--- Exercise instructions ---
As an exercise, transcribe the data below in full and exactly, omitting pictures.

--- Given entries ---
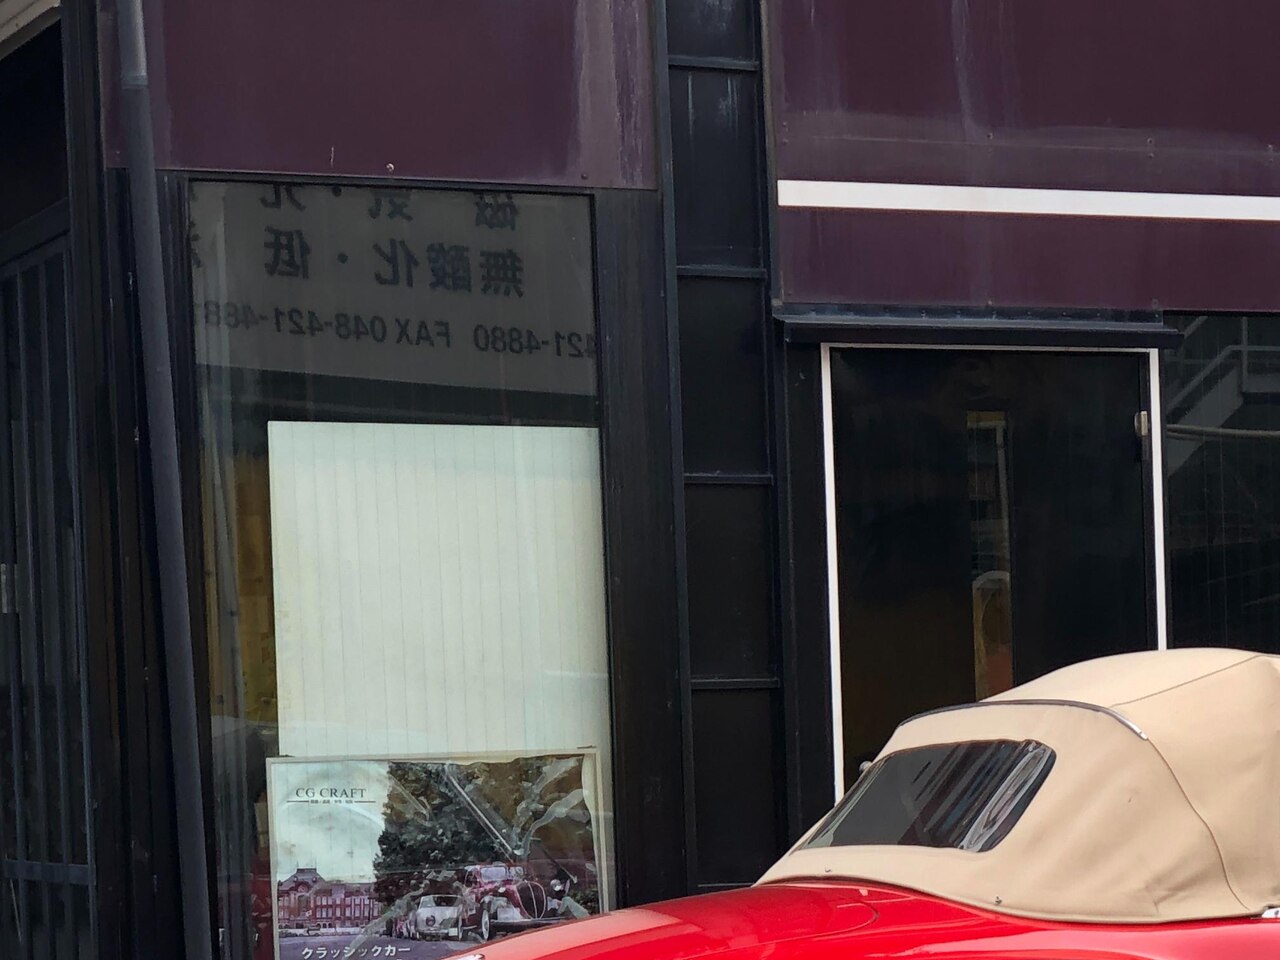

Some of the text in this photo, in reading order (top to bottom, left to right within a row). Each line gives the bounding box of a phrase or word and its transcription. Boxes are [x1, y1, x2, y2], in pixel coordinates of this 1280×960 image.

[295, 787, 367, 799] CG CRAFT
[301, 944, 411, 960] クラッシックカー
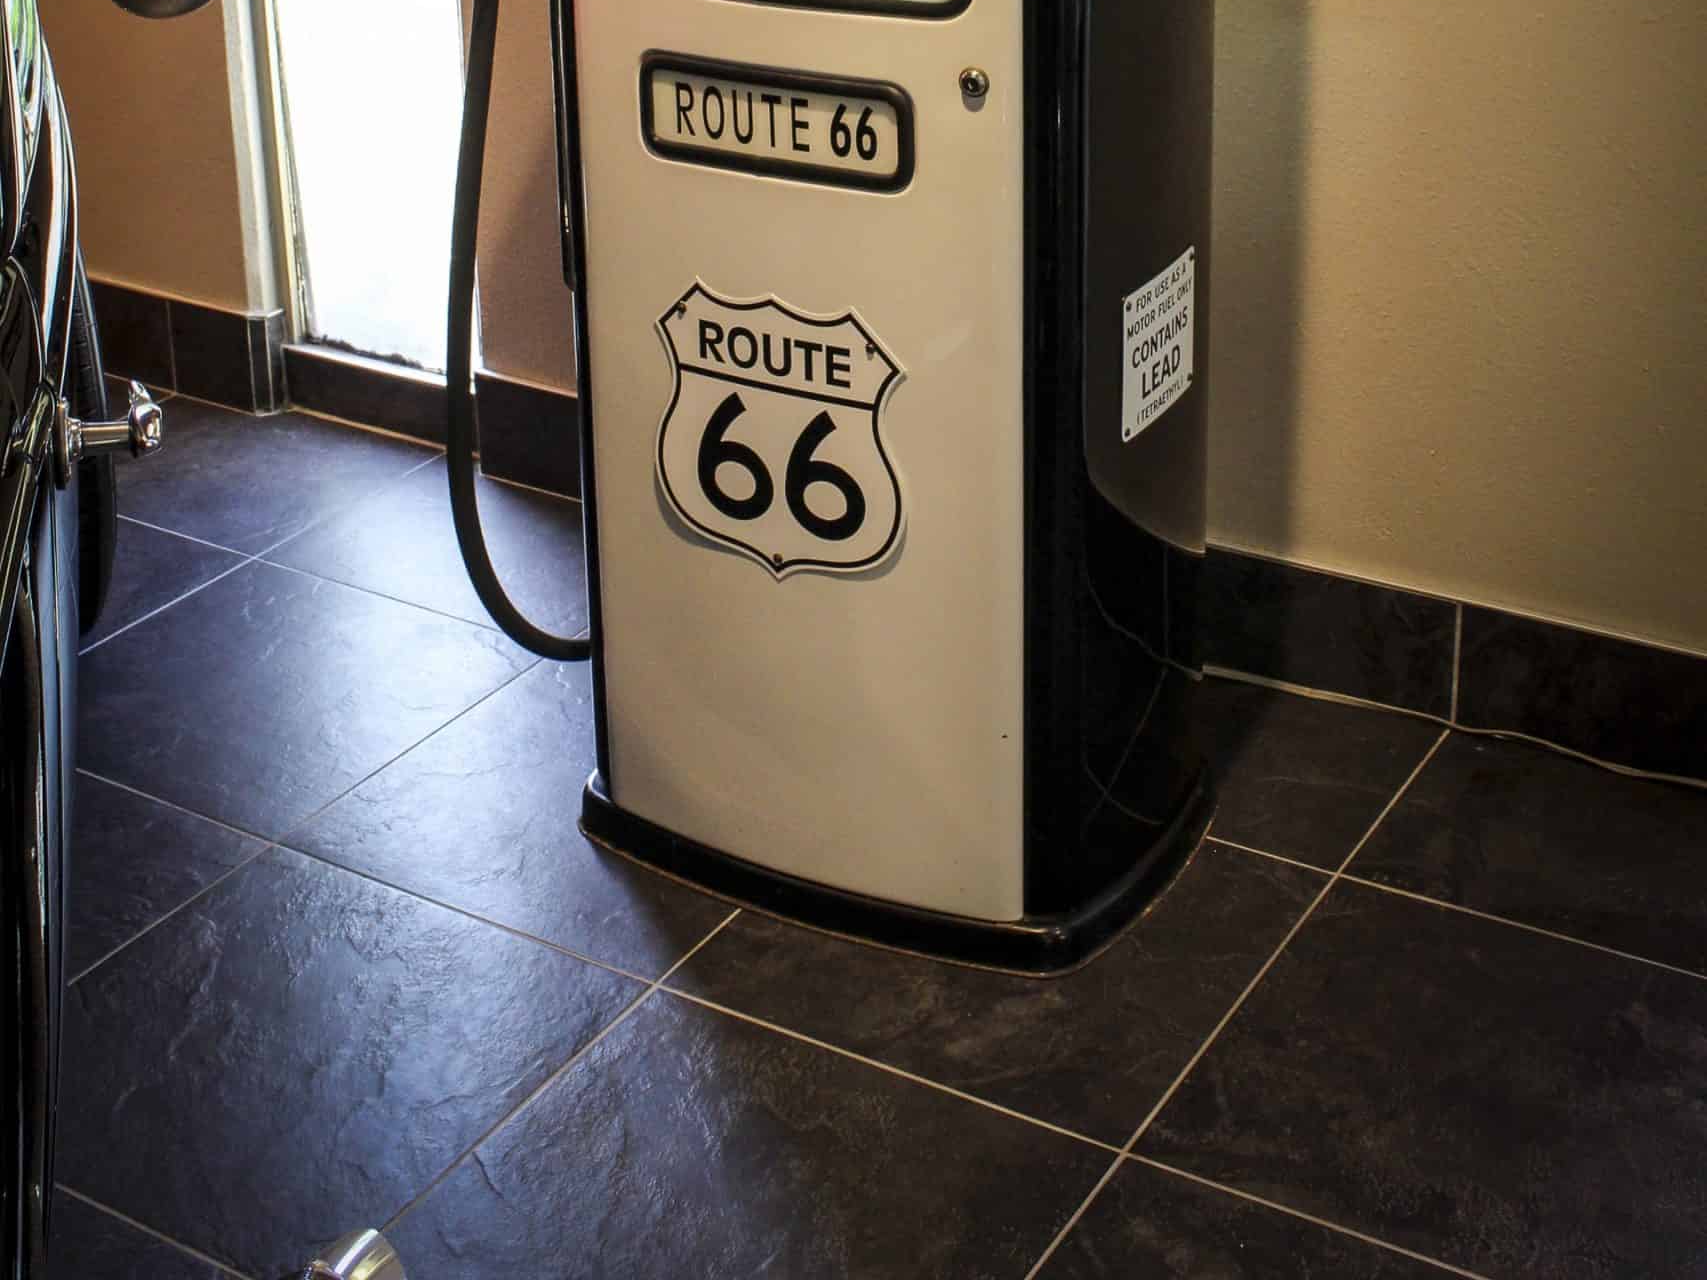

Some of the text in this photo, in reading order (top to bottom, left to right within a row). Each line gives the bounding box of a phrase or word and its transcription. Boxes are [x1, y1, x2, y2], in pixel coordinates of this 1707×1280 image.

[674, 81, 878, 161] ROUTE 66
[1127, 279, 1193, 341] MOTOR FUEL ONLY
[1135, 291, 1151, 313] FOR
[1155, 279, 1169, 300] USE
[1171, 267, 1181, 284] AS
[698, 318, 851, 389] ROUTE
[1132, 306, 1188, 369] CONTAINS
[1141, 344, 1181, 400] LEAD
[698, 391, 866, 541] 66
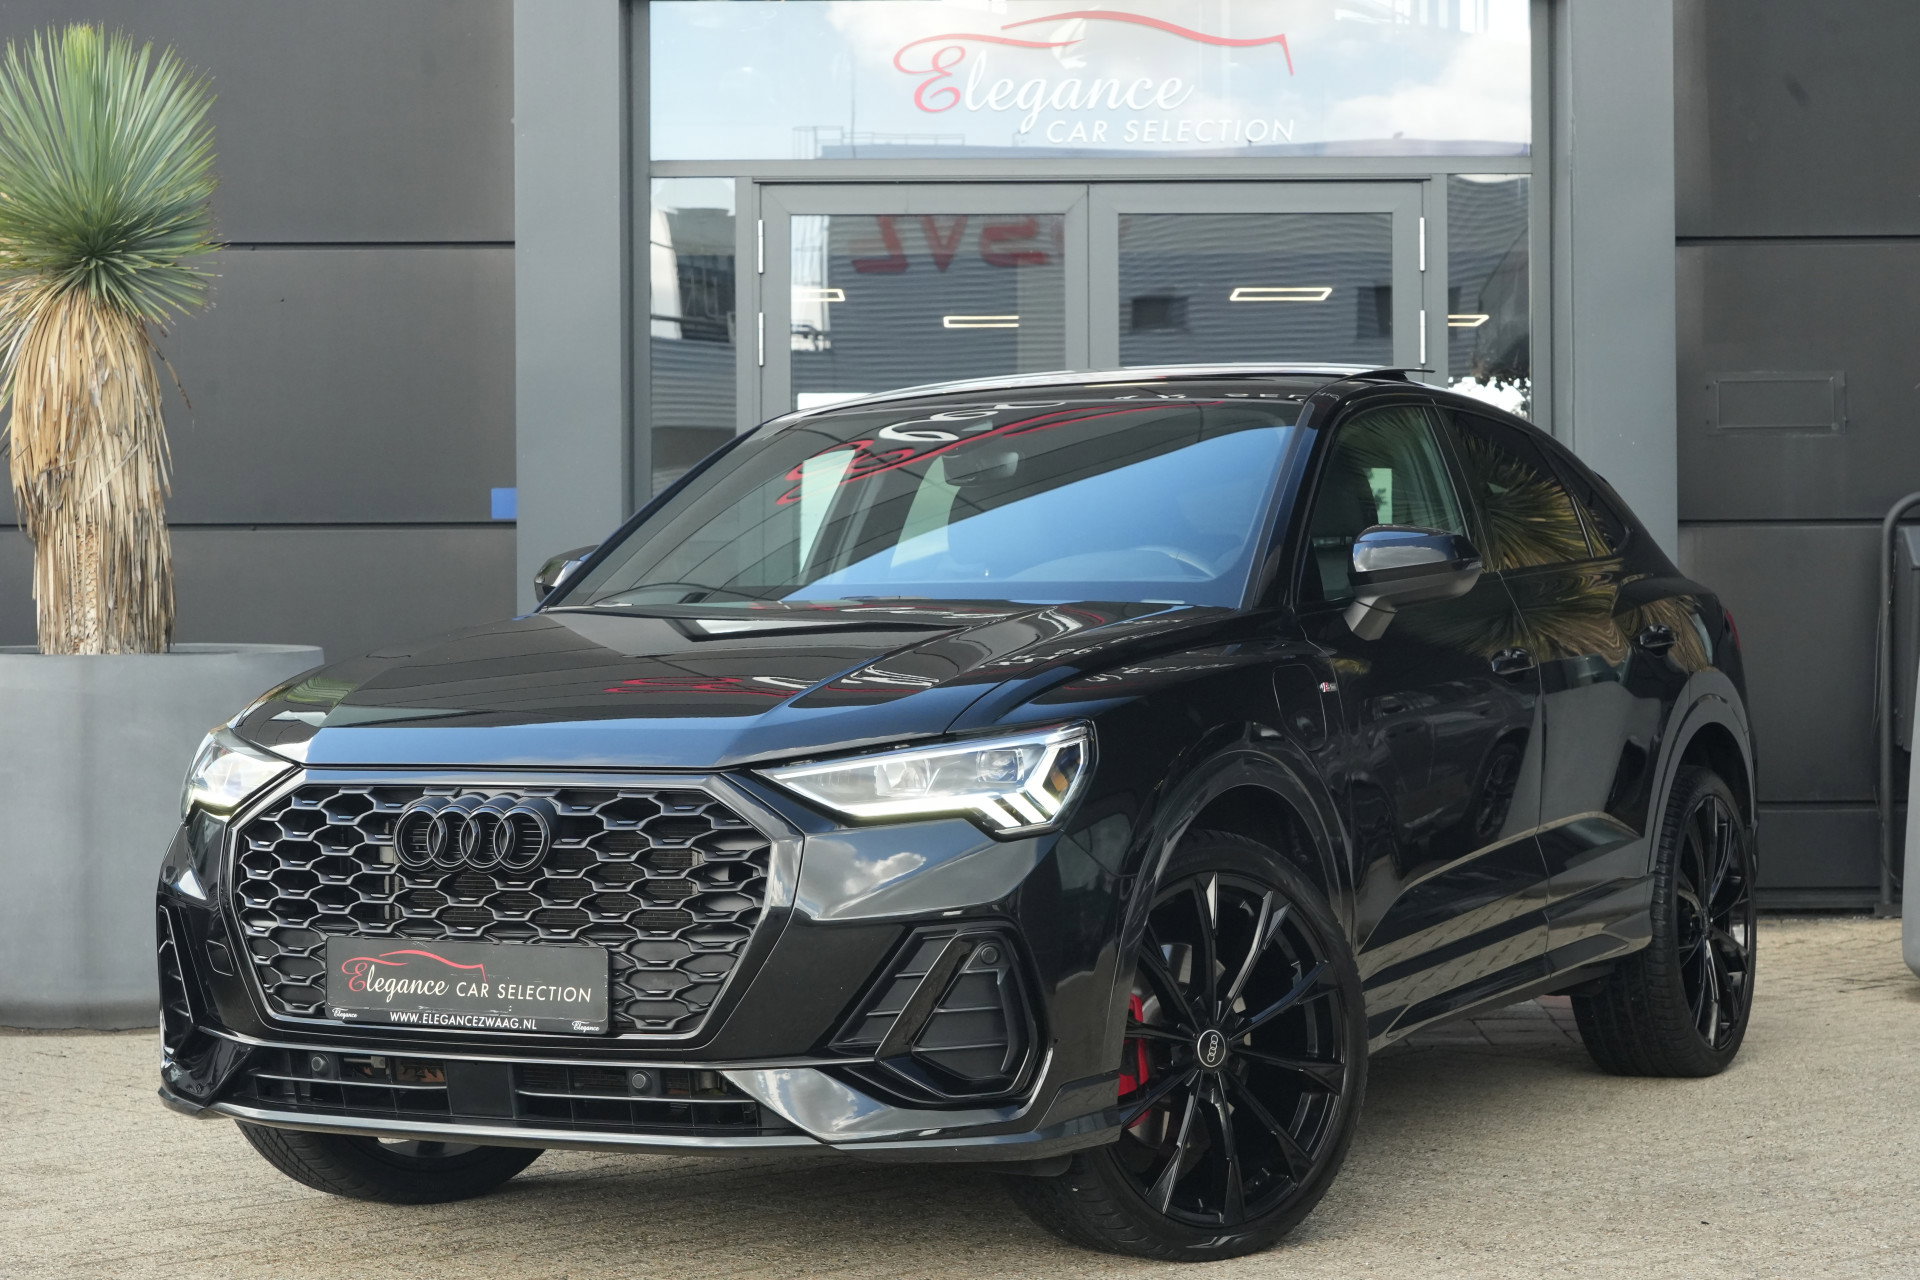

--- Reply ---
Some of the text in this photo, in reading order (top to bottom, left to right within a row). Each line gives the bounding box of a phrase or word and its transcription. Boxes are [x1, y1, x2, y2], in pixel coordinates of this 1280×960 image.

[295, 787, 367, 799] CG CRAFT
[301, 944, 411, 960] クラッシックカー

Some of the text in this photo, in reading order (top to bottom, left to right within a row). Each line gives the bounding box of a phrase or word and its transcription. Boxes are [x1, y1, x2, y2], in pixel coordinates of this 1707×1280 image.

[674, 81, 878, 161] ROUTE 66
[1127, 279, 1193, 341] MOTOR FUEL ONLY
[1135, 291, 1151, 313] FOR
[1155, 279, 1169, 300] USE
[1171, 267, 1181, 284] AS
[698, 318, 851, 389] ROUTE
[1132, 306, 1188, 369] CONTAINS
[1141, 344, 1181, 400] LEAD
[698, 391, 866, 541] 66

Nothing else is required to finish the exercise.